Until recently, Fosco was willing to write off the entire state as a physical manifestation of his worst Bushian nightmares. I mean, other than the theocracy of Utah, Texas seems to be the closest thing we have to the "ideal" model of a conservative state--and a particularly dim-witted one, at that.

But then Fosco started to warm up to Texas--just a bit. For one thing, the state appears to be America's kolache capital. For another thing, Fosco's absolutely favorite band hails from Texas. And then there is the fact that several of the best readers of FL! live in Texas (you know who you are!). Clearly, Texas has redeeming value. And, to judge from this recent roadtrip by Jill, Texas has some beautiful and interesting places: artist colonies, dessert cantinas, spas.

However, just when Fosco reaches the point of thinking "Hey, maybe Texas isn't too bad," he reads stuff like this (from the always trenchant Jonathan Turley):

Don McLeroy, controversial Chair of the Texas State Board of Education, has released his top choice of his recommended reading list: “Sowing Atheism” by Robert Bowie Johnson, Jr. — a book billed by creationists as disproving evolution and exposing the worldwide atheist conspiracy. When combined with the effort to create an advanced degree in “Creation Science” in Texas, the state will soon rival Iran and Saudi Arabia as a bastion of medieval thought.
Yes, that's right: the head of the State Board of Education wants everyone to know that there is an atheist conspiracy afoot. Remember when, just ten years ago, we were making fun of Kansas? The difference, of course, is that Kansas wised up. Good job, Texas: you just made Kansas look progressive. Sigh.

But that's not all. Here's another Texas gem from Jonathan Turley:
Houston police and prosecutors are arresting people for potty-mouths. The Texans were shocked when New Yorker Abraham Urquizo, 35, used the “F-word” twice while arguing with his girlfriend at Salsa’s Mexican and Seafood Restaurant. They are clearly unaware that the word can be used as an adjective, noun, verb, adverb, participle, and a gerund in New York.

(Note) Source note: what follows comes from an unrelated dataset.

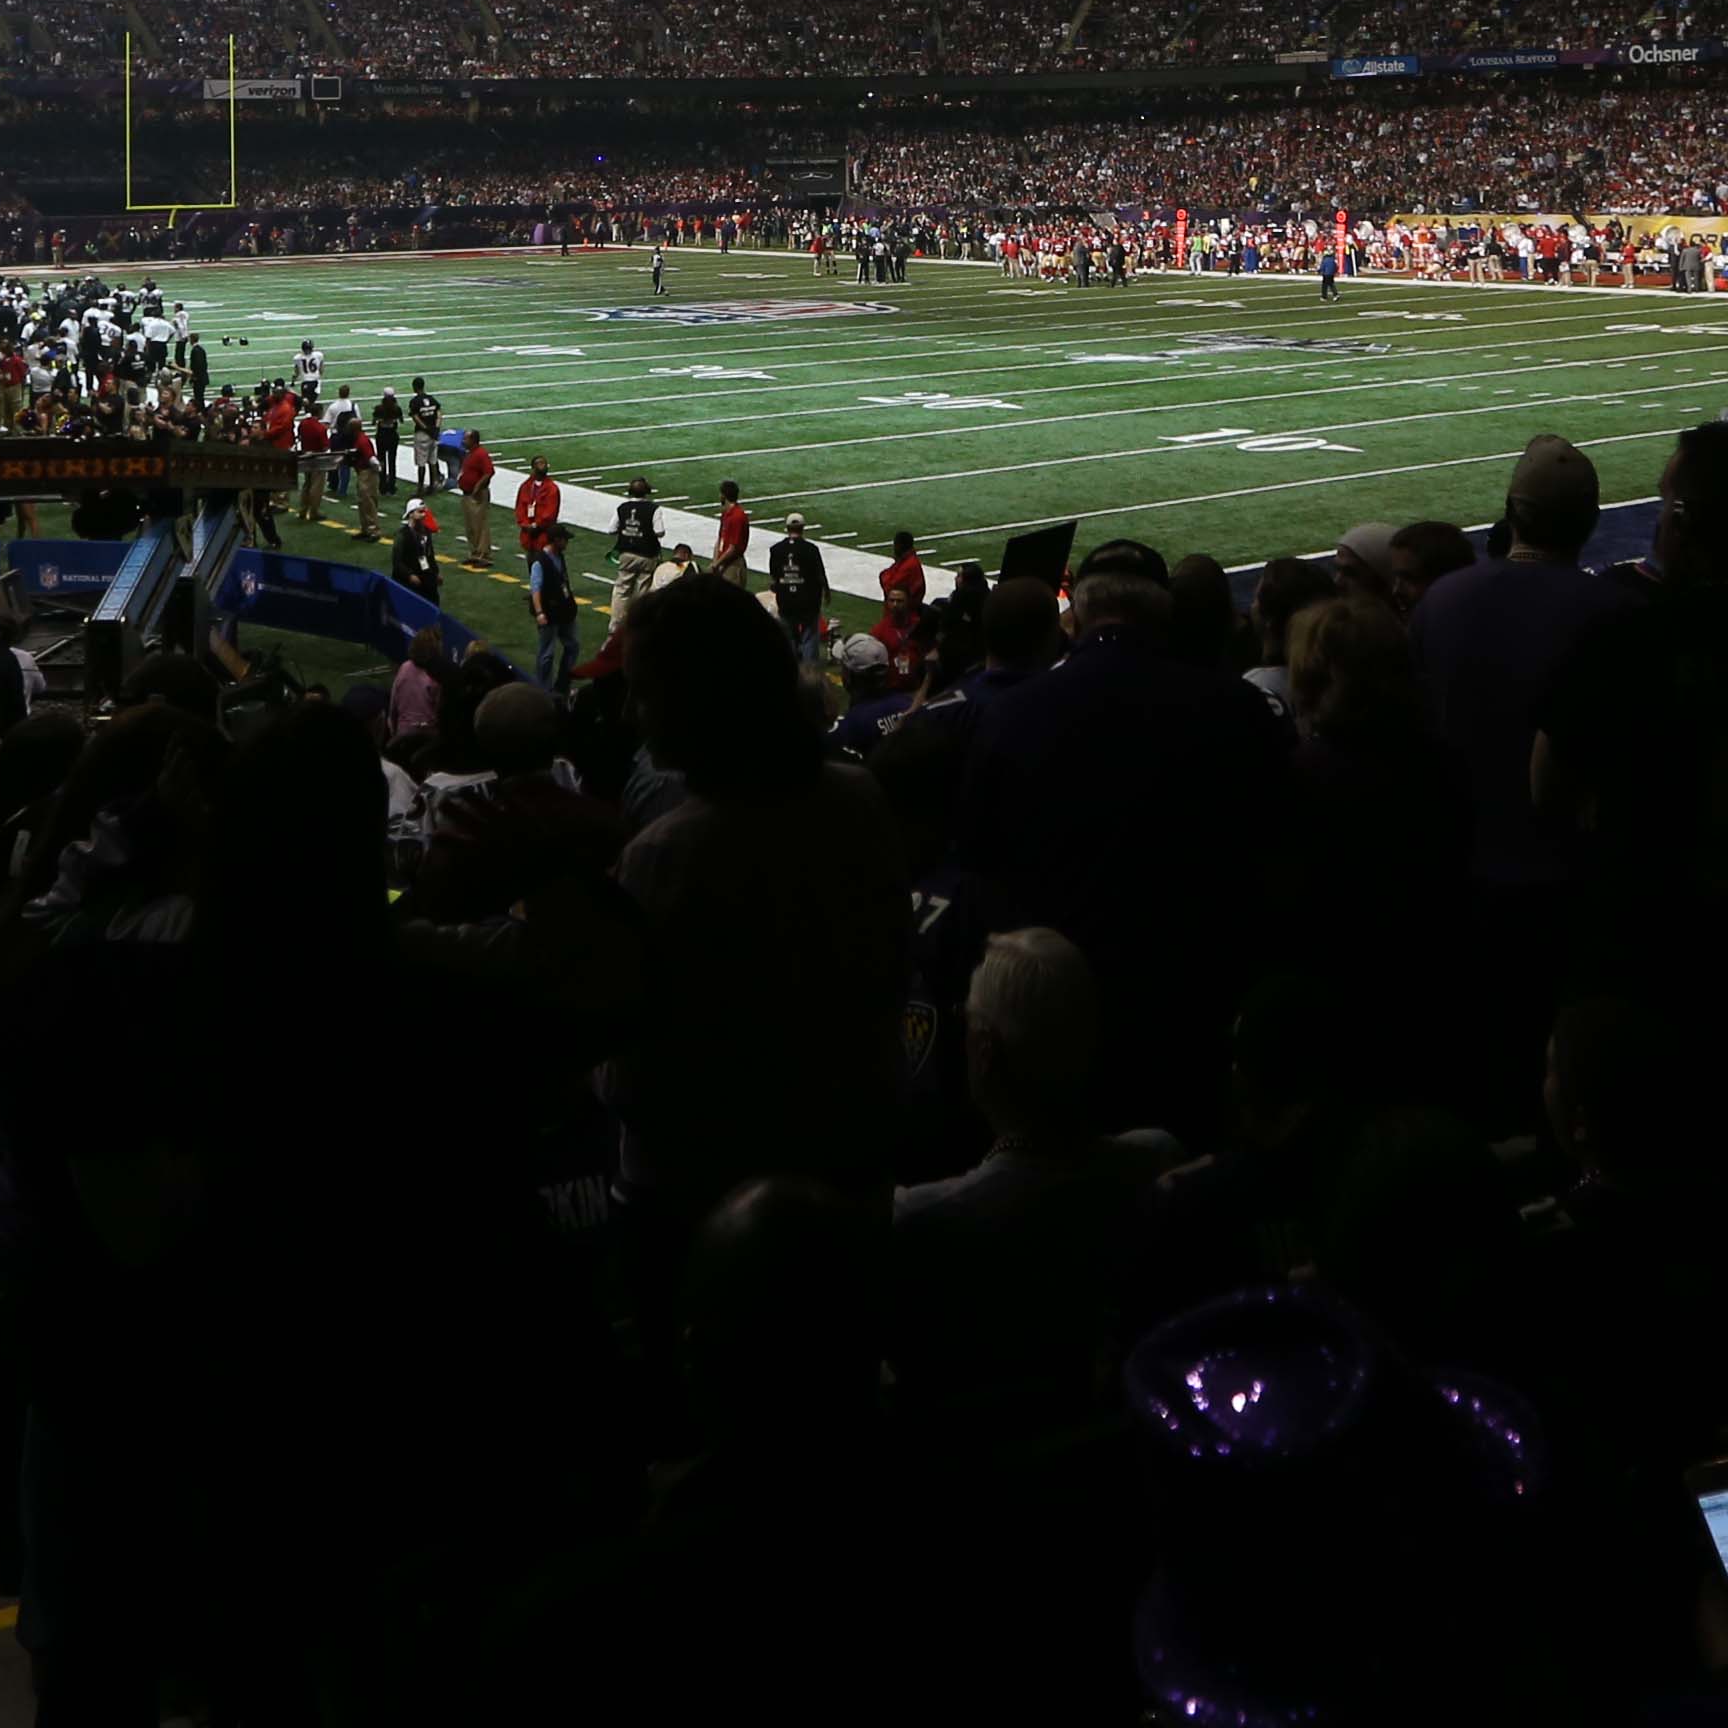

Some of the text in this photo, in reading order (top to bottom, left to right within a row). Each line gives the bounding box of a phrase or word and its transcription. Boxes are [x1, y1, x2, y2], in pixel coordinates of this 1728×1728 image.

The crackdown on bad language would seem unconstitutional on its face under the first amendment. This is the second such arrest in eight months — citing them for disorderly conduct.
All I can say is "Fuck that." But seriously, has law enforcement in Texas really been so successful at preventing other crimes that it can now turn its attention to public cursing? And what about Texas's vaunted spirit of independent libertarianism? Doesn't this type of arrest smack of the kind of "police state" that conservatives are always decrying?

Oh Texas, why must you jerk me around like this?

UPDATE: Fosco clarifies his feelings about Texas in the comment section below. My apologies to my Texas readers for how this whole discussion went down. Alas, Fosco doesn't always think deeply before he posts.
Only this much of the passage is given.